**TASK DESCRIPTION:**
The records that follow must be transcribed exactly, each one in full.

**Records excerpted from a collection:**
------
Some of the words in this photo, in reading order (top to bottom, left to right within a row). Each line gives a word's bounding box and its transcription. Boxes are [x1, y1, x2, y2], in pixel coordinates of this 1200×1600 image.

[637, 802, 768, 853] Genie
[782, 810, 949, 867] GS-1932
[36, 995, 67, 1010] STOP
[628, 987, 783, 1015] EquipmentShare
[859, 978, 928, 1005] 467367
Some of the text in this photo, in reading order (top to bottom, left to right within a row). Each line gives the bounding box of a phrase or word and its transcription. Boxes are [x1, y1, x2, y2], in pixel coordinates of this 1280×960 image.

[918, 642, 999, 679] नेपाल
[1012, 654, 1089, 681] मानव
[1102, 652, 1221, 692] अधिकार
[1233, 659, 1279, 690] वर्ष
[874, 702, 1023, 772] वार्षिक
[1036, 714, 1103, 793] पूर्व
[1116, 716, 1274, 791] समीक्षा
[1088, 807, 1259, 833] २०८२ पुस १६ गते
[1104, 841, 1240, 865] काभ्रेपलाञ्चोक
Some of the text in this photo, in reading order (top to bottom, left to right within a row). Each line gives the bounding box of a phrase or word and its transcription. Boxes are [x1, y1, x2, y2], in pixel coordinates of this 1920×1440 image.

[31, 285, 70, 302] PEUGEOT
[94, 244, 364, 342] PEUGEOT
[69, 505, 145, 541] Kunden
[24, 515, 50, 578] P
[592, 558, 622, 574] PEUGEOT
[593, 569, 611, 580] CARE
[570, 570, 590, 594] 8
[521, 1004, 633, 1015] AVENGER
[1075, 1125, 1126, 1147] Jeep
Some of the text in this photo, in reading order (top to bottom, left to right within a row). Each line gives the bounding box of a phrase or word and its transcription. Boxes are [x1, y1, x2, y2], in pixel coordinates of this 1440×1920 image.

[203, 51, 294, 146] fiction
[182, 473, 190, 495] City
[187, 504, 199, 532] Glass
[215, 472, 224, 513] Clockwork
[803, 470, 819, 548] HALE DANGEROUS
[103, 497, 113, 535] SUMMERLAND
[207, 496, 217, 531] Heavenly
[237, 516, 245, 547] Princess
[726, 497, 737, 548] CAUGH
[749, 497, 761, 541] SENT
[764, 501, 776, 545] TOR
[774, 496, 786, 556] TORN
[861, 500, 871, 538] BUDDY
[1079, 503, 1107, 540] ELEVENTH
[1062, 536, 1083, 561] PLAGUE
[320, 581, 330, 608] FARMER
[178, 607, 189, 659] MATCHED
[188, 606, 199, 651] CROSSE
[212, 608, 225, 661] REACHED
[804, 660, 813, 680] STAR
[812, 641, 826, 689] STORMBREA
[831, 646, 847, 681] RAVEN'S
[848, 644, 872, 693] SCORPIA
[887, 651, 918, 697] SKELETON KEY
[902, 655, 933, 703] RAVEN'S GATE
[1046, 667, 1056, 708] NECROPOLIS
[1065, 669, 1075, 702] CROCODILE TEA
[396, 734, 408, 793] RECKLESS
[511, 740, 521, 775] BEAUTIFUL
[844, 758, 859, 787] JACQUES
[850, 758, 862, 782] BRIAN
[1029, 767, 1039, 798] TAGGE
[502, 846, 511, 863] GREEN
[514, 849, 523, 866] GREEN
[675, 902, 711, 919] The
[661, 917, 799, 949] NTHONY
------
**RESPONSE TO THIS EXERCISE:**
Some of the words in this photo, in reading order (top to bottom, left to right within a row). Each line gives a word's bounding box and its transcription. Boxes are [x1, y1, x2, y2], in pixel coordinates of this 1200×1600 image.

[637, 802, 768, 853] Genie
[782, 810, 949, 867] GS-1932
[36, 995, 67, 1010] STOP
[628, 987, 783, 1015] EquipmentShare
[859, 978, 928, 1005] 467367
Some of the text in this photo, in reading order (top to bottom, left to right within a row). Each line gives the bounding box of a phrase or word and its transcription. Boxes are [x1, y1, x2, y2], in pixel coordinates of this 1280×960 image.

[918, 642, 999, 679] नेपाल
[1012, 654, 1089, 681] मानव
[1102, 652, 1221, 692] अधिकार
[1233, 659, 1279, 690] वर्ष
[874, 702, 1023, 772] वार्षिक
[1036, 714, 1103, 793] पूर्व
[1116, 716, 1274, 791] समीक्षा
[1088, 807, 1259, 833] २०८२ पुस १६ गते
[1104, 841, 1240, 865] काभ्रेपलाञ्चोक
Some of the text in this photo, in reading order (top to bottom, left to right within a row). Each line gives the bounding box of a phrase or word and its transcription. Boxes are [x1, y1, x2, y2], in pixel coordinates of this 1920×1440 image.

[31, 285, 70, 302] PEUGEOT
[94, 244, 364, 342] PEUGEOT
[69, 505, 145, 541] Kunden
[24, 515, 50, 578] P
[592, 558, 622, 574] PEUGEOT
[593, 569, 611, 580] CARE
[570, 570, 590, 594] 8
[521, 1004, 633, 1015] AVENGER
[1075, 1125, 1126, 1147] Jeep
Some of the text in this photo, in reading order (top to bottom, left to right within a row). Each line gives the bounding box of a phrase or word and its transcription. Boxes are [x1, y1, x2, y2], in pixel coordinates of this 1440×1920 image.

[203, 51, 294, 146] fiction
[182, 473, 190, 495] City
[187, 504, 199, 532] Glass
[215, 472, 224, 513] Clockwork
[803, 470, 819, 548] HALE DANGEROUS
[103, 497, 113, 535] SUMMERLAND
[207, 496, 217, 531] Heavenly
[237, 516, 245, 547] Princess
[726, 497, 737, 548] CAUGH
[749, 497, 761, 541] SENT
[764, 501, 776, 545] TOR
[774, 496, 786, 556] TORN
[861, 500, 871, 538] BUDDY
[1079, 503, 1107, 540] ELEVENTH
[1062, 536, 1083, 561] PLAGUE
[320, 581, 330, 608] FARMER
[178, 607, 189, 659] MATCHED
[188, 606, 199, 651] CROSSE
[212, 608, 225, 661] REACHED
[804, 660, 813, 680] STAR
[812, 641, 826, 689] STORMBREA
[831, 646, 847, 681] RAVEN'S
[848, 644, 872, 693] SCORPIA
[887, 651, 918, 697] SKELETON KEY
[902, 655, 933, 703] RAVEN'S GATE
[1046, 667, 1056, 708] NECROPOLIS
[1065, 669, 1075, 702] CROCODILE TEA
[396, 734, 408, 793] RECKLESS
[511, 740, 521, 775] BEAUTIFUL
[844, 758, 859, 787] JACQUES
[850, 758, 862, 782] BRIAN
[1029, 767, 1039, 798] TAGGE
[502, 846, 511, 863] GREEN
[514, 849, 523, 866] GREEN
[675, 902, 711, 919] The
[661, 917, 799, 949] NTHONY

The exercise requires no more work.